Prof. Pramod K Nayar of the Department of English which has recently moved into the 251-300 bracket in QS Global Subject rankings, 2021, has been invited to serve as one of the two Advisors on the massive and field-defining Routledge Historical Resources: Empire project. He will be working with the distinguished historian Professor Philippa Levine. The Academic Editor of the project is Professor John Marriott, of Oxford.

Prof. Pramod K Nayar

Routledge Historical Resources is an innovative, interdisciplinary digital reference resource which brings together a wealth of searchable, cross-referenced full-text materials from the long 19th century. The programme on the British Empire, which Nayar will be associated with, will bring together content from the Taylor and Francis collection to provide a digital resource consisting of primary materials, over 1000 chapters of secondary book content, over 100 journal articles from a range of Taylor and Francis journals, thematic and introductory essays, Introductory and other video materials and an image gallery. As Routledge describes it “The database is truly interdisciplinary, containing material that will be valuable to students and researchers of empire using perspectives from a variety of disciplines including history, sociology, gender studies and literature.

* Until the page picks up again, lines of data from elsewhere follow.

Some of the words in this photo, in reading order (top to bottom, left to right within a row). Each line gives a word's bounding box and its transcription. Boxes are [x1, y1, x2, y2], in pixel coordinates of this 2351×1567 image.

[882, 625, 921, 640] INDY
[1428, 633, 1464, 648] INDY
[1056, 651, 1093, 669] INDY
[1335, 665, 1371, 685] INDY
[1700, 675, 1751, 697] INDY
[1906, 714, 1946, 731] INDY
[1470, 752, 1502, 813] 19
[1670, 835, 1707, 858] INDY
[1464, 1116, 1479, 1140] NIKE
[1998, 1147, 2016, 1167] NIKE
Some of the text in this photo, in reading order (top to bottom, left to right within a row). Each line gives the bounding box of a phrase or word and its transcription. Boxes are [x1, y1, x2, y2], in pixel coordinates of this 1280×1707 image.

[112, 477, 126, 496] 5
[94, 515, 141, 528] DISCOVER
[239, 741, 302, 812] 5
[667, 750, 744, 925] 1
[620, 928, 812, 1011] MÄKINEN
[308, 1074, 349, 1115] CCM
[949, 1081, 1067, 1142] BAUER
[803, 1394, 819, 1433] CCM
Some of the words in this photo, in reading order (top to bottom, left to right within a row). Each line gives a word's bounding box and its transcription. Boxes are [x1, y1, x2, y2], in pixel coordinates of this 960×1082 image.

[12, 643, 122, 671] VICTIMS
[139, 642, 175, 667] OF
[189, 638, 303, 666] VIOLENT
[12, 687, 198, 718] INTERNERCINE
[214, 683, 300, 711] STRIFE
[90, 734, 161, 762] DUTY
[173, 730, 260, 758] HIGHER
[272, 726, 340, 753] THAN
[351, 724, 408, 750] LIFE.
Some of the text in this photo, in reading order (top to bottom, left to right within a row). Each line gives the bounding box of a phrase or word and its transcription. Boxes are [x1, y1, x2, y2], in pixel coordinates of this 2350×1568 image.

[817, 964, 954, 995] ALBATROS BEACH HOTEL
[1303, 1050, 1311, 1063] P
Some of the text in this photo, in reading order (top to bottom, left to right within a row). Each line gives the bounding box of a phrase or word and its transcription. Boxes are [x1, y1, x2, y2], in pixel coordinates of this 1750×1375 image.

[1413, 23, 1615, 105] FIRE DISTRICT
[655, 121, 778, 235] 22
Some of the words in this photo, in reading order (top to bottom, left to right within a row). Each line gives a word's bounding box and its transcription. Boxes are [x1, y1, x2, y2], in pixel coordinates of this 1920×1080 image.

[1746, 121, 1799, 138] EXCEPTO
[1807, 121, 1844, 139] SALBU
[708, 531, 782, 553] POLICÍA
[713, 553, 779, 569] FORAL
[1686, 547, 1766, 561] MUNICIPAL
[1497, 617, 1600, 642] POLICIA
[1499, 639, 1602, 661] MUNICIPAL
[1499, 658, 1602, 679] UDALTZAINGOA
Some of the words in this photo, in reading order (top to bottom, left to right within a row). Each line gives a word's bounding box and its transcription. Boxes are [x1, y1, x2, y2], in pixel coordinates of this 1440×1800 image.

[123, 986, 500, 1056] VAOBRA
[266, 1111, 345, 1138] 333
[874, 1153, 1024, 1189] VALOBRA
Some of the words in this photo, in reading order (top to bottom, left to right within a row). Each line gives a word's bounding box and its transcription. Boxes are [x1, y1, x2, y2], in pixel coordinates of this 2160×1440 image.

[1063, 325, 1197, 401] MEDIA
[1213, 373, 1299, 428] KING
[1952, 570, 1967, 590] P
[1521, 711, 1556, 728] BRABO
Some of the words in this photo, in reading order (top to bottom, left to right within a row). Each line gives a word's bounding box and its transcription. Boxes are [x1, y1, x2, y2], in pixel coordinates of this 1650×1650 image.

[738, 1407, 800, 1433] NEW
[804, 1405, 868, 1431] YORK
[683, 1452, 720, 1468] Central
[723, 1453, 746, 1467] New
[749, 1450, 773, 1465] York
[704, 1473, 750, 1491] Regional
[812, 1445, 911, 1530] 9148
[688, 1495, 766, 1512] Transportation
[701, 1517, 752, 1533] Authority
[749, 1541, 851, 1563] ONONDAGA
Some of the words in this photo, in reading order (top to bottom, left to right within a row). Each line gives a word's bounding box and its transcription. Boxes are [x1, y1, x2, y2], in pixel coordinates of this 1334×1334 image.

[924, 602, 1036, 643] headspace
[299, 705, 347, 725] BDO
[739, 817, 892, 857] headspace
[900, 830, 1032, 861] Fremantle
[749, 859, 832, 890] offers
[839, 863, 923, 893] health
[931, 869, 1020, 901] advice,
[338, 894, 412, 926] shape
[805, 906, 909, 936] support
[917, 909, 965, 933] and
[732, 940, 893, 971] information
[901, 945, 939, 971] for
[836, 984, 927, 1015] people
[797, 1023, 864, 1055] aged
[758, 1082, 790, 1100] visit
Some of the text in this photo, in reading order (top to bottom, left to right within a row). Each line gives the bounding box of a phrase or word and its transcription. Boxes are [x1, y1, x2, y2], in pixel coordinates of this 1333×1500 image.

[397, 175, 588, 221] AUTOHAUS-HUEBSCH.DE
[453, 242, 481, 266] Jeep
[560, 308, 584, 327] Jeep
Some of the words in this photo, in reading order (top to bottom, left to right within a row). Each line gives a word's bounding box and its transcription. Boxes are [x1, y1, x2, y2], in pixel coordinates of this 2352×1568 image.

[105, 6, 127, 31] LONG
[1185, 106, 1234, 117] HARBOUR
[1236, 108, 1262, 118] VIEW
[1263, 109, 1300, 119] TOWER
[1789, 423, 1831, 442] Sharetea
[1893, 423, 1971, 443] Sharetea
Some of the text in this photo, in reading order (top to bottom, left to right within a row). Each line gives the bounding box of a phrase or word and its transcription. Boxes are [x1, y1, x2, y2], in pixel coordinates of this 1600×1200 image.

An alumnus and also presently teaching at University of Hyderabad (UoH), Nayar’s Women in Colonial India (5 volumes), Colonial Education and India (5 volumes), Indian Travel Writing in the Age of Empire (5 volumes), all from Routledge, brought together such sources in print form. Besides these, his work on and around the British Empire has appeared in the form of books such as English Writing on India, 1600-1920; Colonial Voices; The Penguin 1857 Reader; Indian Travel Writing in the Age of Empire, The Raj Dictionary; Days of the Raj; The Great Uprising; The Trial of Bahadur Shah Zafar, besides dozens of essays in globally indexed journals. He is currently teaching an MA Elective, “Before the Raj: The English ‘Discovery’ of India, 1580-1788”.